As duas últimas obras de Foucault sobre os modos de subjetivação parecem ter atraído menos a sua atenção. A construção da ética e de estilos de vida estranhas ou resistentes ao biopoder é um caminho muito distanciado daquele que você propõe (a figura do militante comunista)? Ou há possibilidades de um acordo mais profundo que não temos percebido?
As últimas obras de Foucault tiveram grande influência sobre mim. Penso que aquilo que acabo de dizer a propósito de Império o mostra bem. Permita-me contar uma lembrança um pouco curiosa: na metade dos anos 1970, eu escrevi um artigo sobre Foucault na Itália – sobre aquele que chamamos hoje de “primeiro Foucault”, o Foucault da arqueologia das ciências humanas. Eu procurava apontar os limites desse tipo de pesquisa e esperava uma espécie de passo à frente, uma insistência maior sobre a produção de subjetividade. Na época, eu mesmo estava em vias de tentar sair de um marxismo que, se era profundamente inovador no terreno teórico – já que se perguntava se um “Marx para além de Marx” era possível –, apresentava, ao contrário, no terreno da prática militante o risco de erros terríveis.
O que eu quero dizer com isso é que nos anos de luta apaixonada posteriores a 1968, na situação de repressão feroz que os governos de direita exerceram contra os movimentos sociais de contestação, muitos de nós correram o perigo de uma deriva terrorista, e alguns inclusive cederam a esta tentação. Mas, por trás desse extremismo, havia sempre a convicção de que o poder era um e somente um, que o biopoder tornava a direita e a esquerda parecidas, que somente o partido podia nos salvar – e se não fosse o partido, então eram as vanguardas armadas estruturadas como pequenos partidos em versão militar, na grande tradição dos “partidários” da segunda guerra mundial. Nós compreendemos que esta deriva militar era qualquer coisa da qual os movimentos não se isentariam; e que era não somente uma escolha humanamente insustentável, mas um suicídio político. Foucault, e com ele Deleuze e Guattari, nos precaveram contra esta deriva. Eram a este respeito verdades revolucionárias: quando eles criticavam o estalinismo ou as práticas do “socialismo real”, eles não o faziam de maneira hipócrita e farisaica, como os “novos filósofos” do liberalismo; eles procuravam encontrar o meio de afirmar uma nova potência do proletariado contra o biopoder do capitalismo.
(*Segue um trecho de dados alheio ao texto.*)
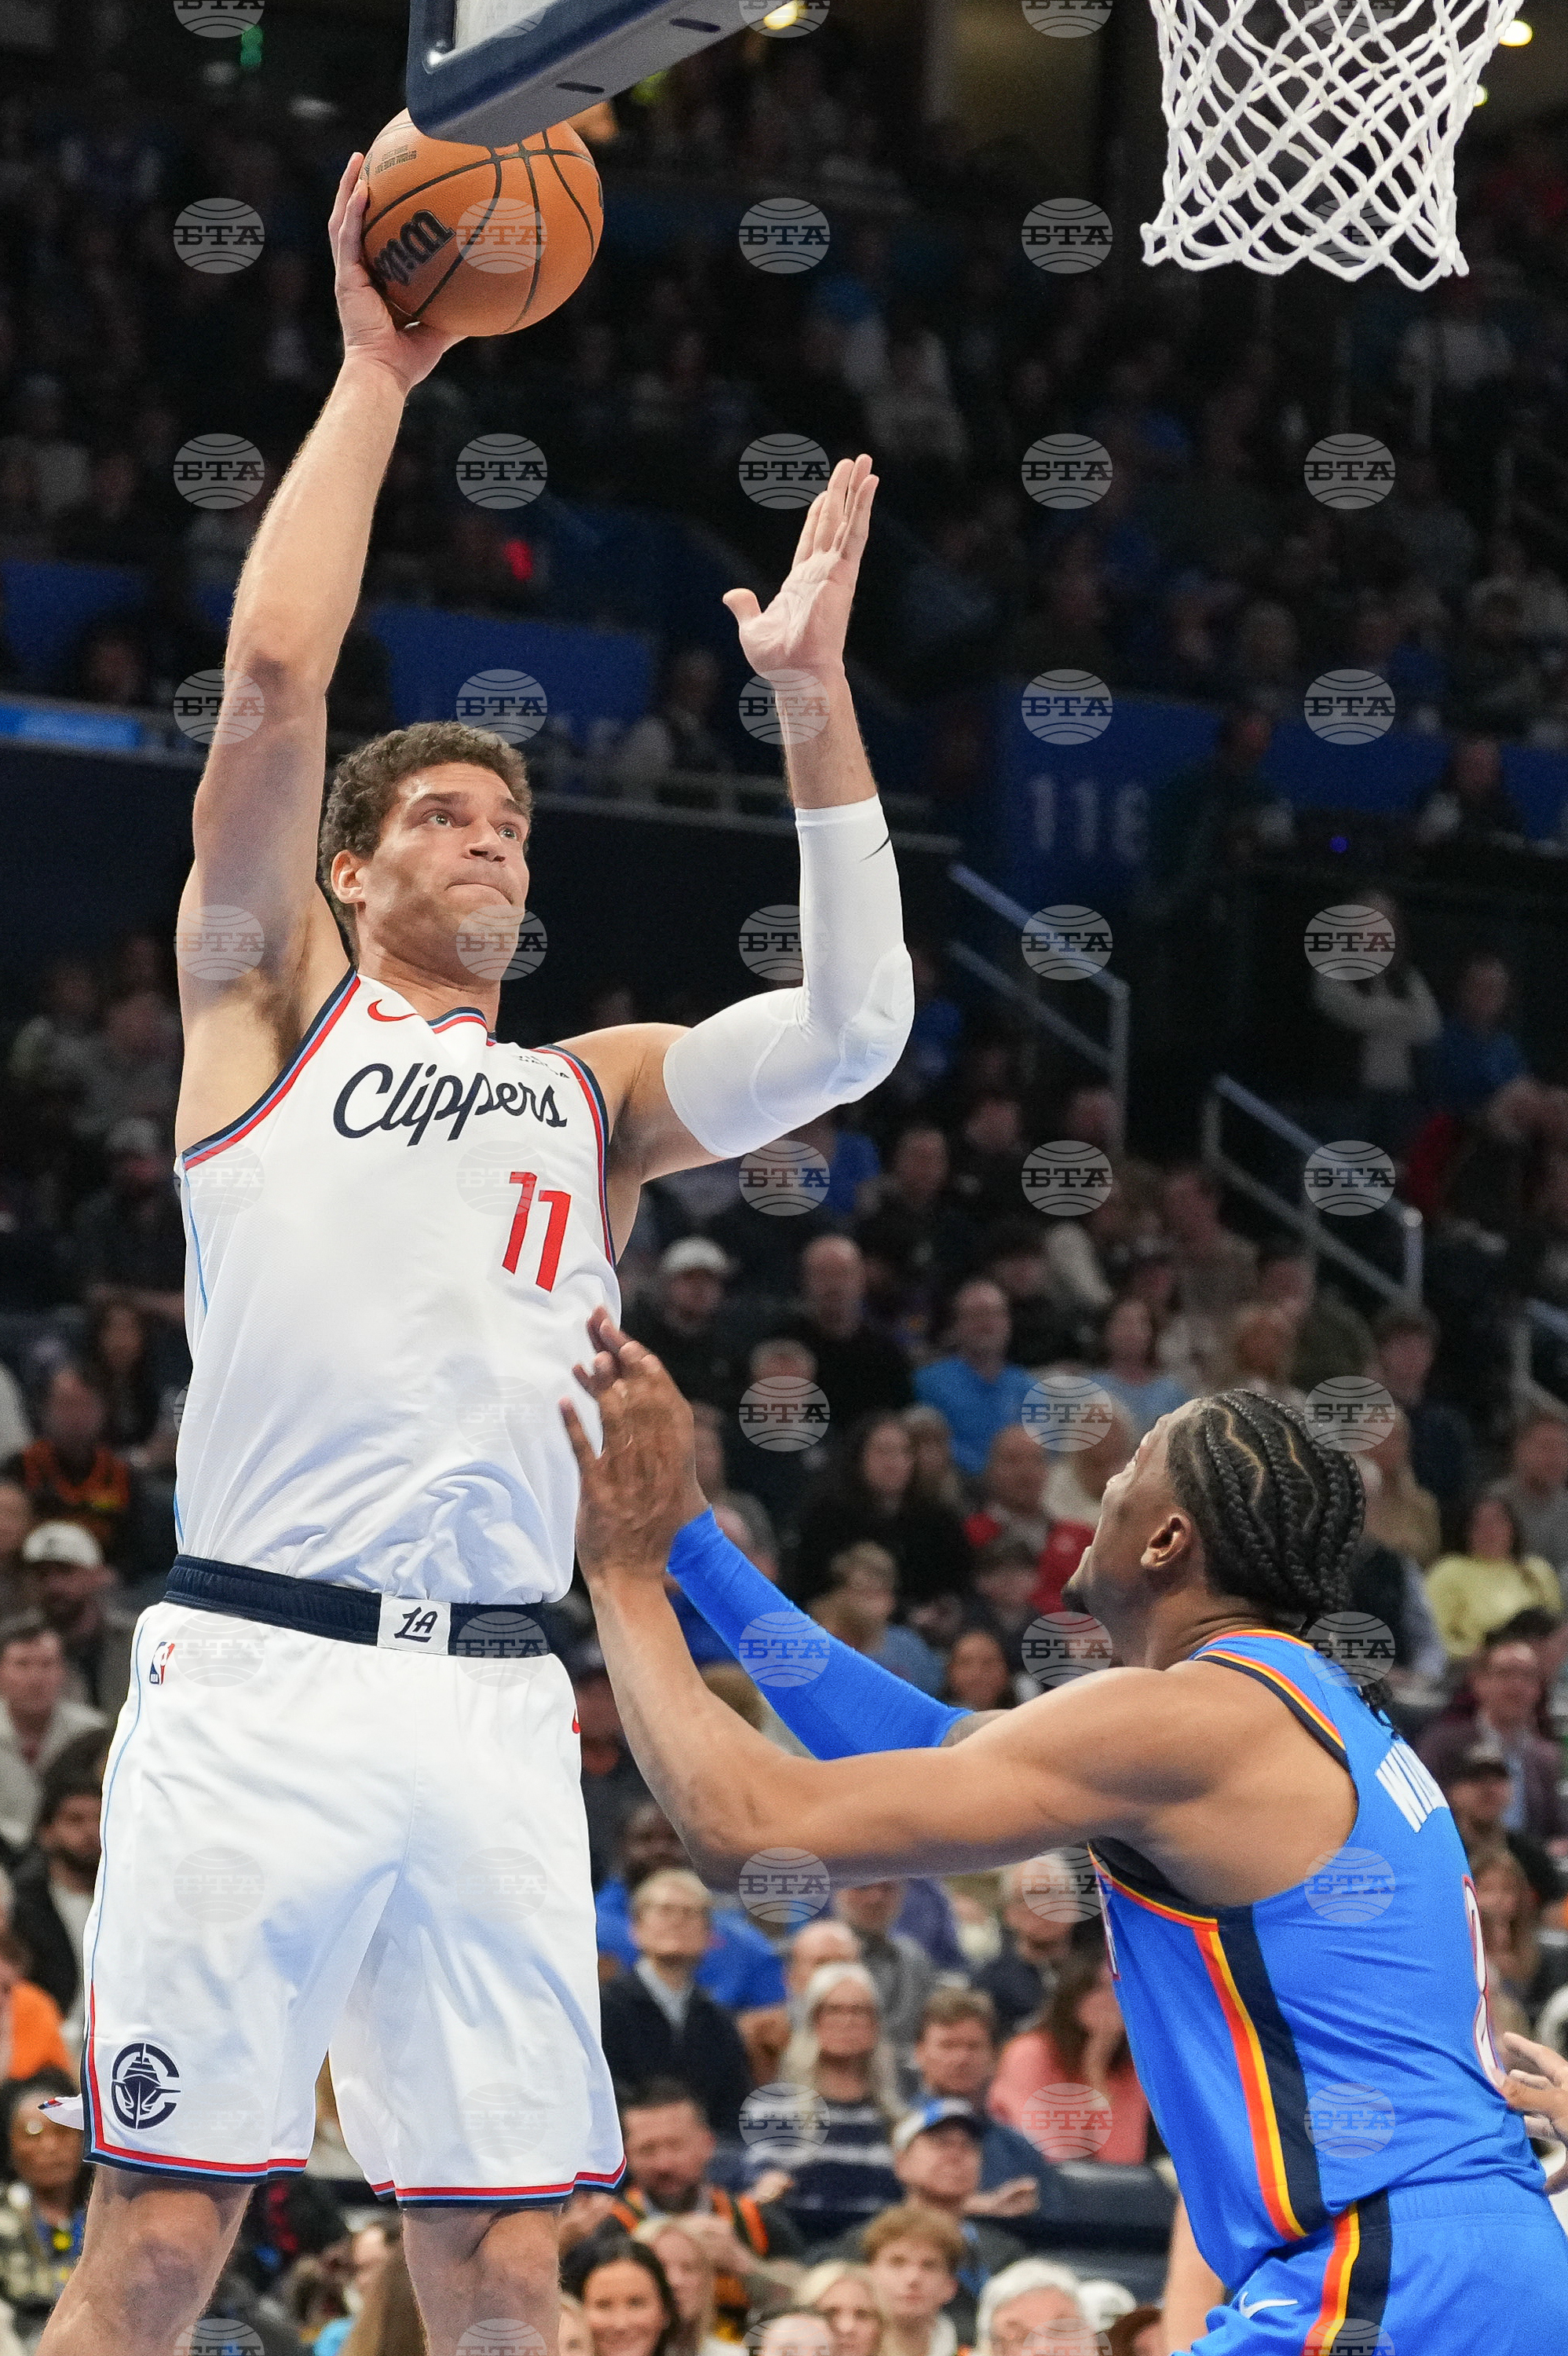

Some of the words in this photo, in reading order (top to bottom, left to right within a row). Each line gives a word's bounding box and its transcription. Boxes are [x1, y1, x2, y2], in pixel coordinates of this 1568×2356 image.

[333, 1063, 568, 1147] Clippers
[502, 1171, 572, 1293] 11
[393, 1606, 438, 1643] LA
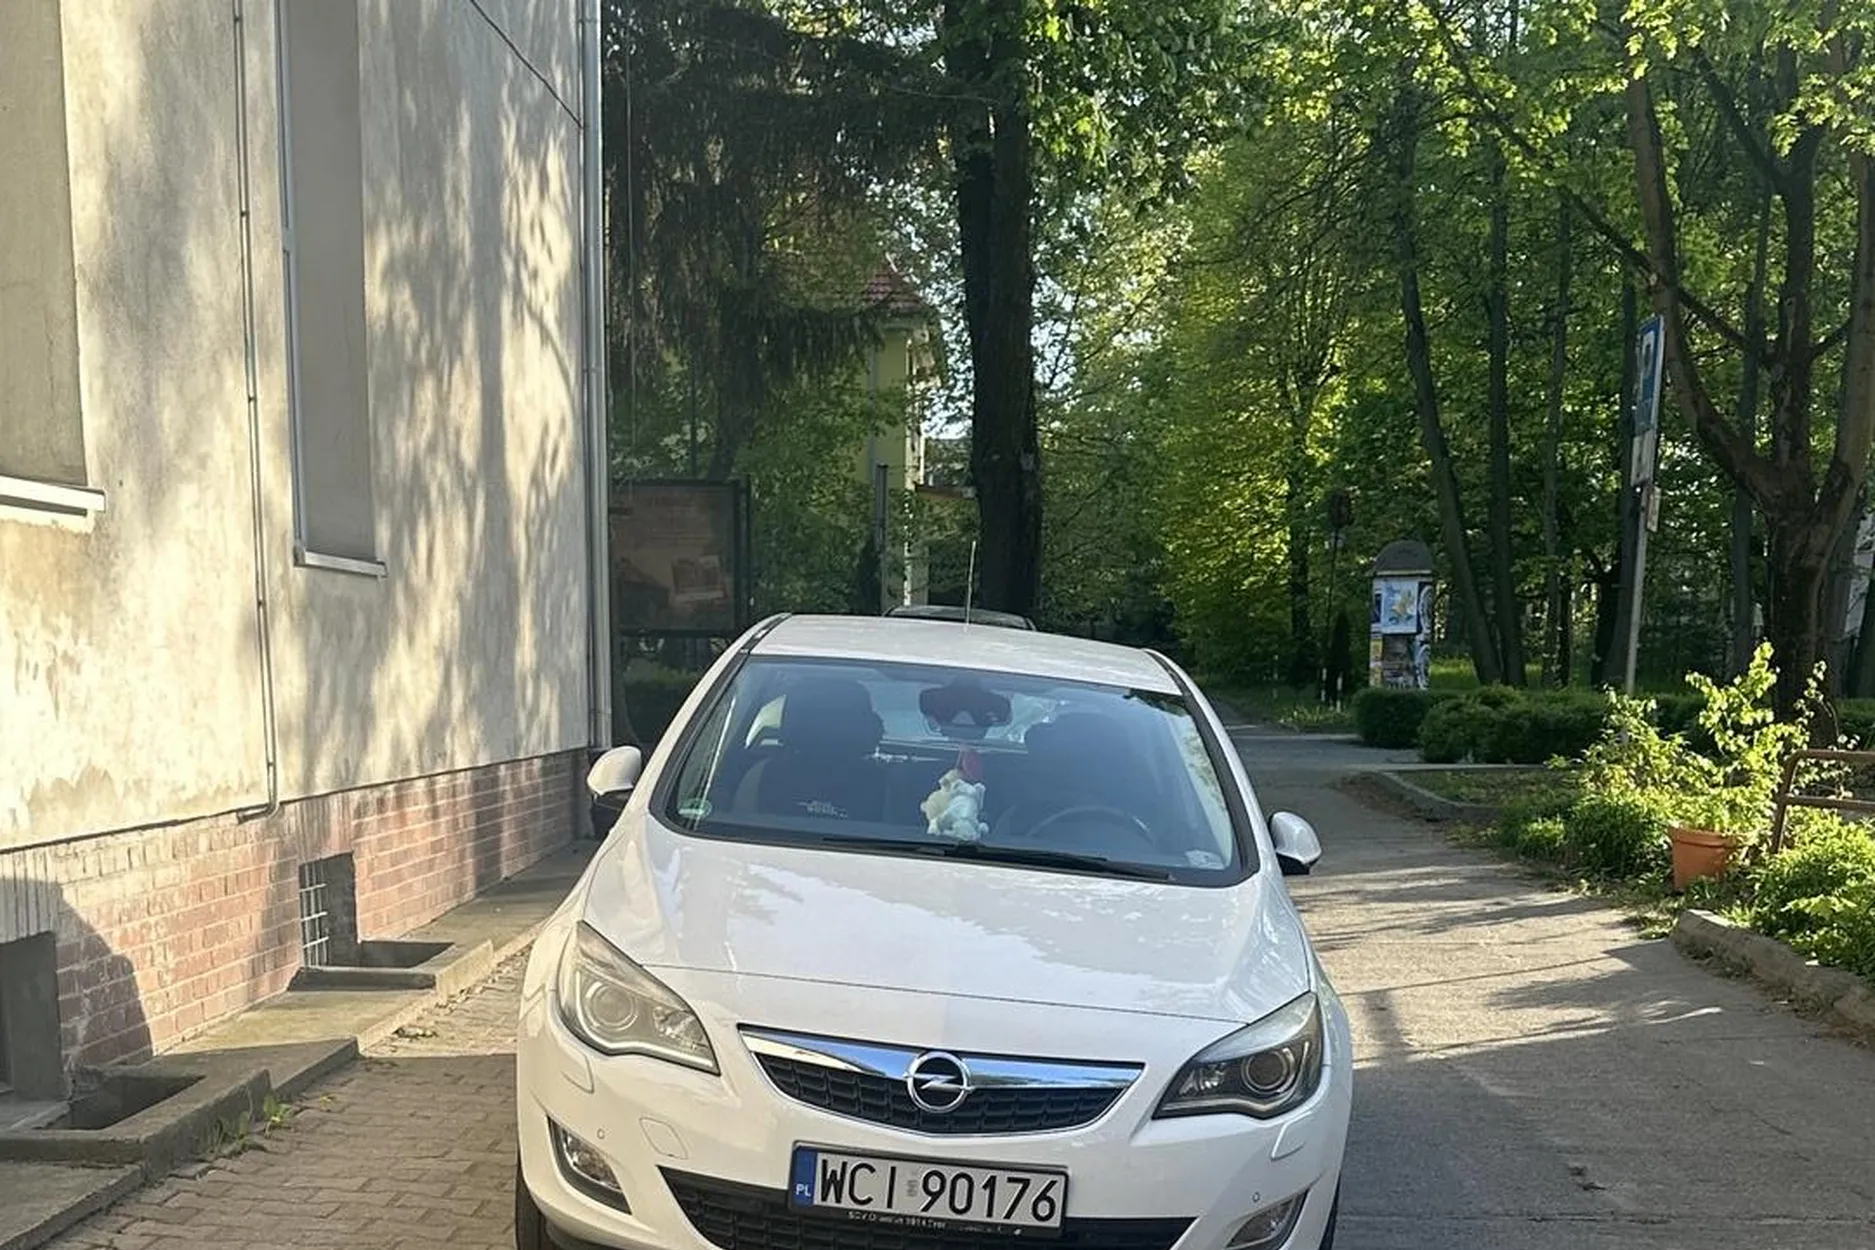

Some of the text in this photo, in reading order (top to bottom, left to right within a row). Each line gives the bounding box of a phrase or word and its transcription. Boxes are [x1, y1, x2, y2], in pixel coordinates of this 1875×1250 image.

[796, 1184, 811, 1197] PL
[820, 1158, 1058, 1222] WCI 90176
A resistência ao biopoder e à construção de novos estilos de vida não está, portanto, afastada do militantismo comunista, se aceitamos pensar que o militantismo é uma prática comum de liberdade, e que o comunismo é a produção do comum. Como em Império, a figura do militante comunista não é tomada no velho sentido. Pelo contrário, ela se apresenta como um novo tipo de subjetividade política que se constrói a partir da produção (ontológica e subjetiva) das lutas pela libertação do trabalho e por uma sociedade mais justa.
Para nós, mas eu creio que também para os movimentos sociais hodiernos, a importância das últimas obras de Foucault é, conseqüentemente, excepcional. A genealogia perde aqui todo caráter especulativo e torna-se política – uma ontologia crítica de nós mesmos –, a epistemologia é “constitutiva” e a ética assume dimensões “transformadoras”. Depois da morte de Deus, assistimos ao renascimento do homem. Mas não se trata de um novo humanismo; ou mais exatamente, trata-se de reinventar o homem no interior de uma nova ontologia: é sobre as ruínas da teleologia moderna que nós recuperamos um telos materialista.